GRAPE JELLY FROM BOTTLED JUICE
2 cups (1 lb.) juice 3 cups (1¼ lbs.) sugar ½ bottle Certo
Measure sugar and juice into large saucepan and mix. (If unsweetened juice is used increase sugar by ½ cup.) Bring to a boil over hottest fire and at once add Certo, stirring constantly. Then bring to a _full rolling boil_ and boil hard ½ minute. Remove from fire, skim, pour quickly. Paraffin at once. Makes about 5 glasses (6 fluid ounces each).
PLUM JELLY PRUNE JELLY
4 cups (2 lbs.) juice 7½ cups (3¼ lbs.) sugar ½ bottle Certo
To prepare juice, crush thoroughly about 4 pounds fully ripe fruit. Do not peel or pit. Add 1 cup water, bring to a boil, cover, and simmer 10 minutes. Place in jelly cloth or bag; squeeze out juice. (Sour, cling-stone plums make best jelly. If sweet plums or free-stone prunes are used, substitute ½ cup strained lemon juice for ½ cup of the plum juice specified.) Measure sugar and juice into large saucepan and mix. Bring to a boil over hottest fire and at once add Certo, stirring constantly. Then bring to a _full rolling boil_ and boil hard ½ minute. Remove from fire, skim, pour quickly. Paraffin at once. Makes about 11 glasses (6 fluid ounces each).
GRAPEFRUIT JELLY
3½ cups (1¾ lbs.) juice 7 cups (3 lbs.) sugar 1 bottle Certo
To prepare juice, grate rind from 4 medium grapefruit, and squeeze out juice. Add juice to grated rind and let stand for 10 minutes. Press juice through small cloth. Measure sugar and juice into large saucepan and mix. Bring to a boil over hottest fire and at once add Certo, stirring constantly. Then bring to a _full rolling boil_ and boil hard ½ minute. Remove from fire, skim, pour quickly. Paraffin at once. Makes about 10 glasses (6 fluid ounces each).
PEACH JELLY
3 cups (1½ lbs.) juice 6½ cups (2¾ lbs.) sugar 1 bottle Certo
To prepare juice, remove pits from about 3½ pounds peaches. Do not peel. Crush peaches thoroughly. Add ½ cup water, bring to a boil, cover, and simmer 5 minutes. Place fruit in jelly cloth or bag and squeeze out juice. Measure sugar and juice into large saucepan and mix. Bring to a boil over hottest fire and at once add Certo, stirring constantly. Then bring to a _full rolling boil_ and boil hard ½ minute. Remove from fire, skim, pour quickly. Paraffin at once. Makes about 9 glasses (6 fluid ounces each).

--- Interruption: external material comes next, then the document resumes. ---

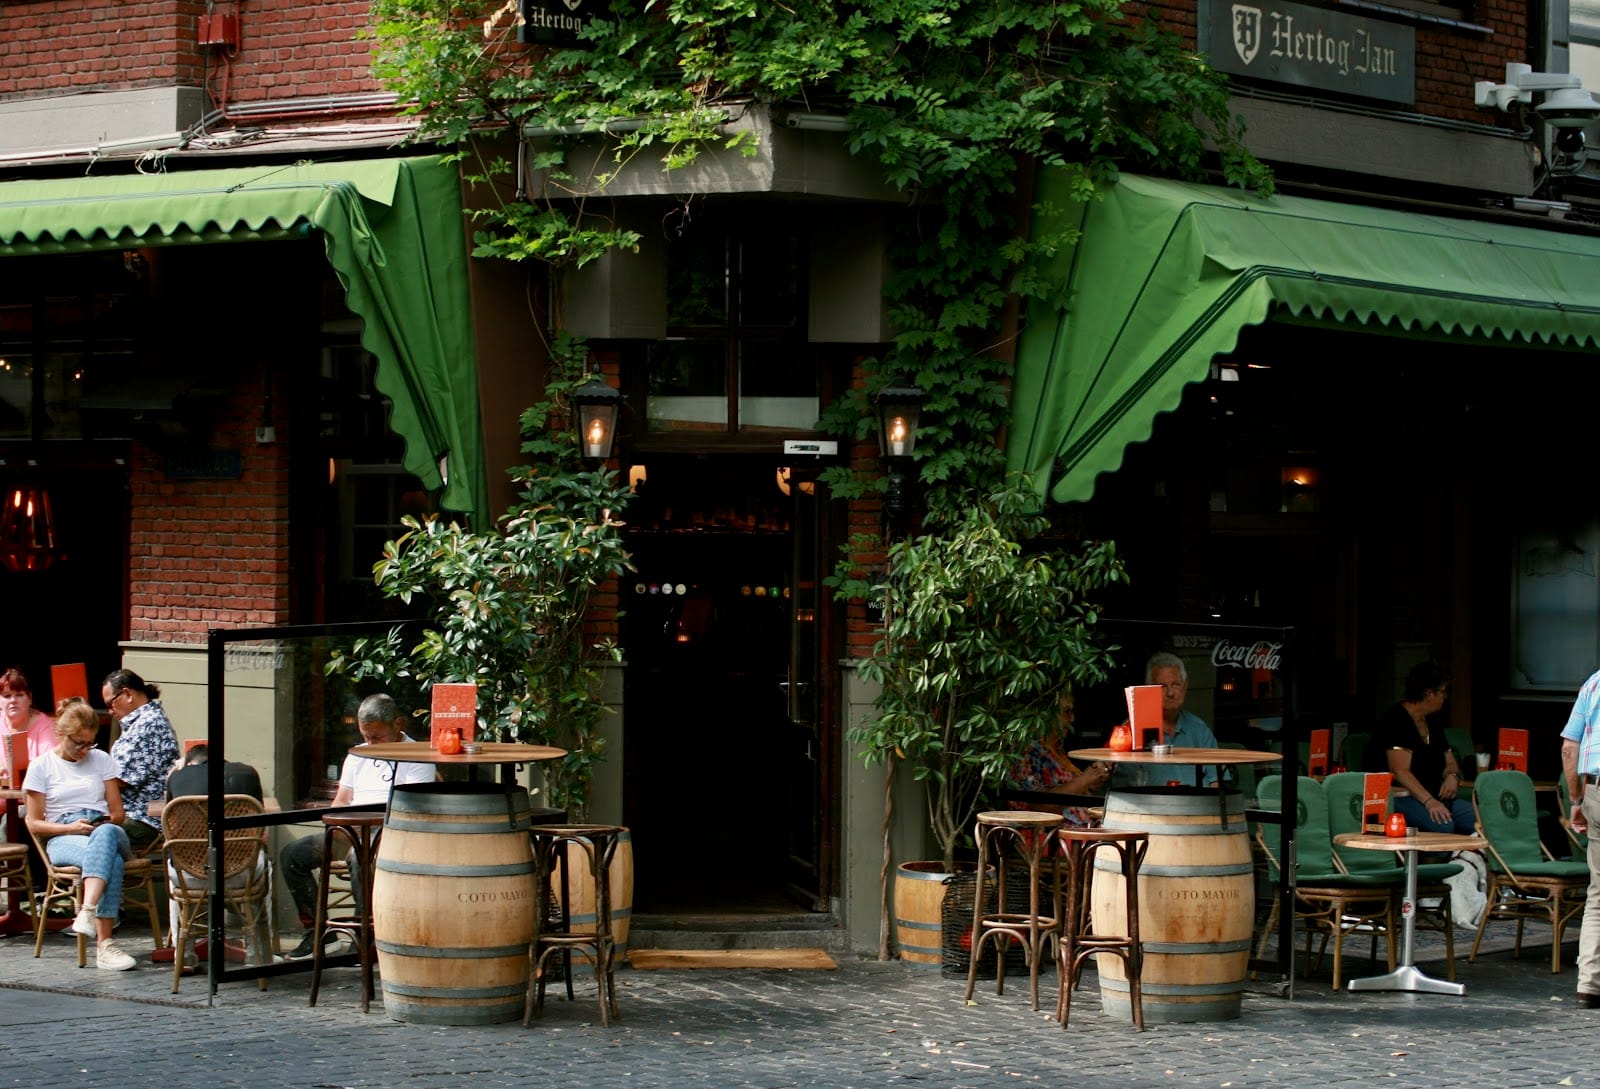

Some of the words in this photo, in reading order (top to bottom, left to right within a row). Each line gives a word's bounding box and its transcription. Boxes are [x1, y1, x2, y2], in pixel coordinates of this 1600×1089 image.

[531, 5, 583, 35] Hertog
[1270, 11, 1350, 76] Hertog
[1354, 29, 1396, 76] Jan
[457, 891, 497, 904] COTO

APPLE JELLY (From Fresh, Tart Apples) CRABAPPLE JELLY
5 cups (2½ lbs.) juice 7½ cups (3¼ lbs.) sugar ½ bottle Certo
To prepare juice, remove blossom and stem ends from about 3½ pounds fully ripe fruit, and cut apples in small pieces. Do not peel or core. Add 3 cups water, cover, and simmer 10 minutes. Crush with masher, and simmer, covered, 5 minutes longer. (With soft, very sweet apples, add juice of 1 lemon to prepared juice before measuring.) Place fruit in jelly cloth or bag and squeeze out juice. Measure sugar and juice into large saucepan and mix. Bring to a boil over hottest fire and at once add Certo, stirring constantly. Then bring to a _full rolling boil_ and boil hard ½ minute. Remove from fire, skim, pour quickly. Paraffin at once. Makes about 12 glasses (6 fluid ounces each).
MINT JELLY
½ cup apple vinegar 1¼ cups water 3½ cups (1½ lbs.) sugar Green coloring ½ bottle Certo
Wash 1 packed cup spearmint leaves and stems. Place in saucepan and crush. Add vinegar and water. Bring quickly to a boil; remove from fire. Cover and let stand 10 minutes. Add sugar and mix. Bring to a boil over hottest fire, during which time add green coloring. Use coloring which fruit acids do not fade. As soon as mixture boils, add Certo, stirring constantly. Then bring to a _full rolling boil_ and boil hard ½ minute. Remove from fire and skim. Strain hot jelly into glasses. Paraffin at once. Makes about 5 glasses (6 fluid ounces each).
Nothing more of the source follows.